Margo A. Raison, County Counsel, Andrew C. Thomson, Deputy County Counsel; Holland &Knight, Jennifer L. Hernandez, Bradley B. Brownlow, Marne S. Sussman, Daniel R. Golub and Emily M. Lieban for Defendants and Respondents.

Pillsbury Winthrop Shaw Pittman, Blaine I. Green, Mark E. Elliott, and Eric Moorman for Real Party in Interest and Respondent Western States Petroleum Association.

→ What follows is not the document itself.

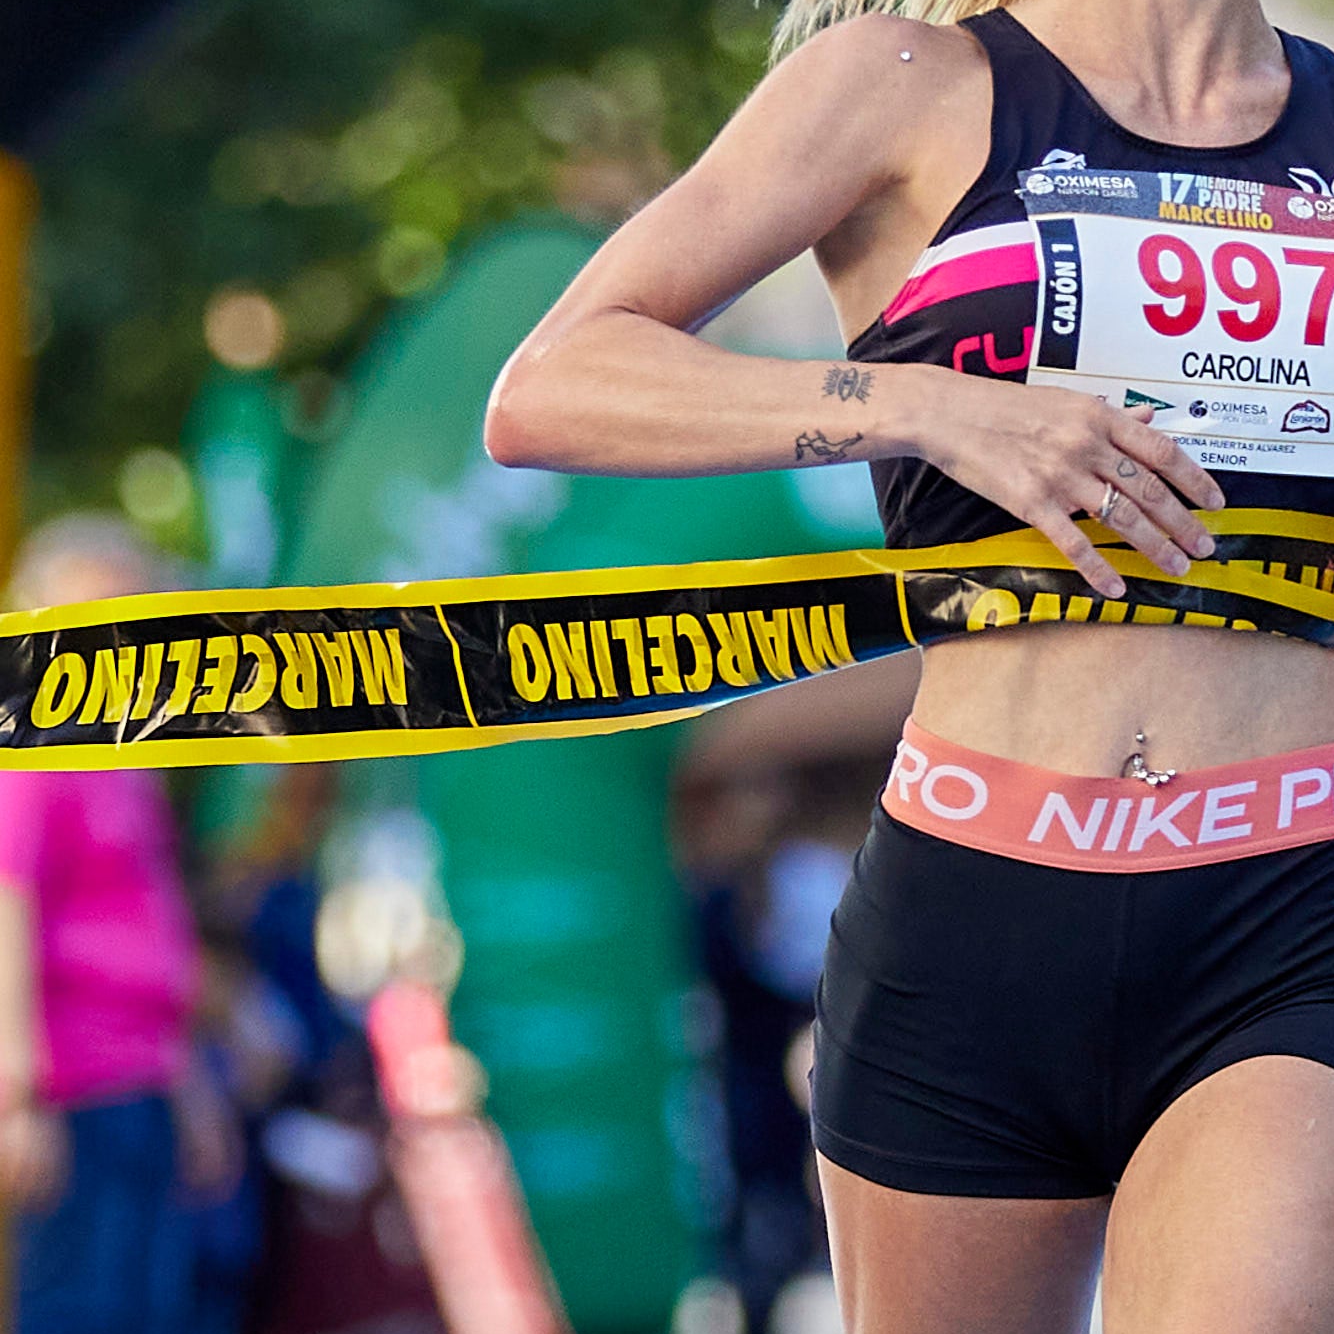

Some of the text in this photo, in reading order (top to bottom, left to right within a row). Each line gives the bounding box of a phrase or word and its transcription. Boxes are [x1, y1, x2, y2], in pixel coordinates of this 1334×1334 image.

Manatt, Phelps & Phillips, Craig A. Moyer, Benjamin G. Shatz and Sigrid R. Waggner for Real Party in Interest and Respondent California Independent Petroleum Association.

Environmental Law Clinic and Deborah A. Sivas for California Council of Land Trusts as Amici Curiae on behalf of Appellants.

Environmental Law Clinic, Deborah A. Sivas and Rica Garcia for David J.X. Gonzalez, Ph.D., Rachel Morello-Frosch, Ph.D., Jill Johnston, Ph.D., Mary Willis, Ph.D., Jonathan Buonocore, Ph.D., Joan A. Casey, Ph.D., and Lisa Mckenzie, Ph.D. as Amici Curiae on behalf of Appellants.

Frank G. Wells Environmental Law Clinic, Andria So, Cara Horowitz and Gabriel F. Greif for H. Bradley Shaffer as Amici Curiae on behalf of Appellants.

OPINION

FRANSON, ACTING P. J.

This is the second appeal addressing whether the County of Kern complied with the California Environmental Quality Act (CEQA; Pub. Resources Code, § 21000 et seq.) in approving an ordinance streamlining the permitting process for new oil and gas wells. (King &Gardiner Farms, LLC v. County of Kern (2020) 45 Cal.App.5th 814 (King &Gardiner).) In the first appeal, we determined the environmental impact report (EIR) was defective and ordered the issuance of a writ of mandate directing the County to correct those defects before reapproving the ordinance. (Id. at p. 901.) The County prepared a revised supplemental recirculated environmental impact report (SREIR) and an addendum, certified the completion of the SREIR, and adopted a slightly modified ordinance. After the County filed a return, the superior court determined the CEQA violations had been corrected and discharged the writ. This appeal followed.

In this opinion, "County" refers to the governmental entity and "Kern County" refers to the geographical area.

All unlabeled statutory references are to the Public Resources Code.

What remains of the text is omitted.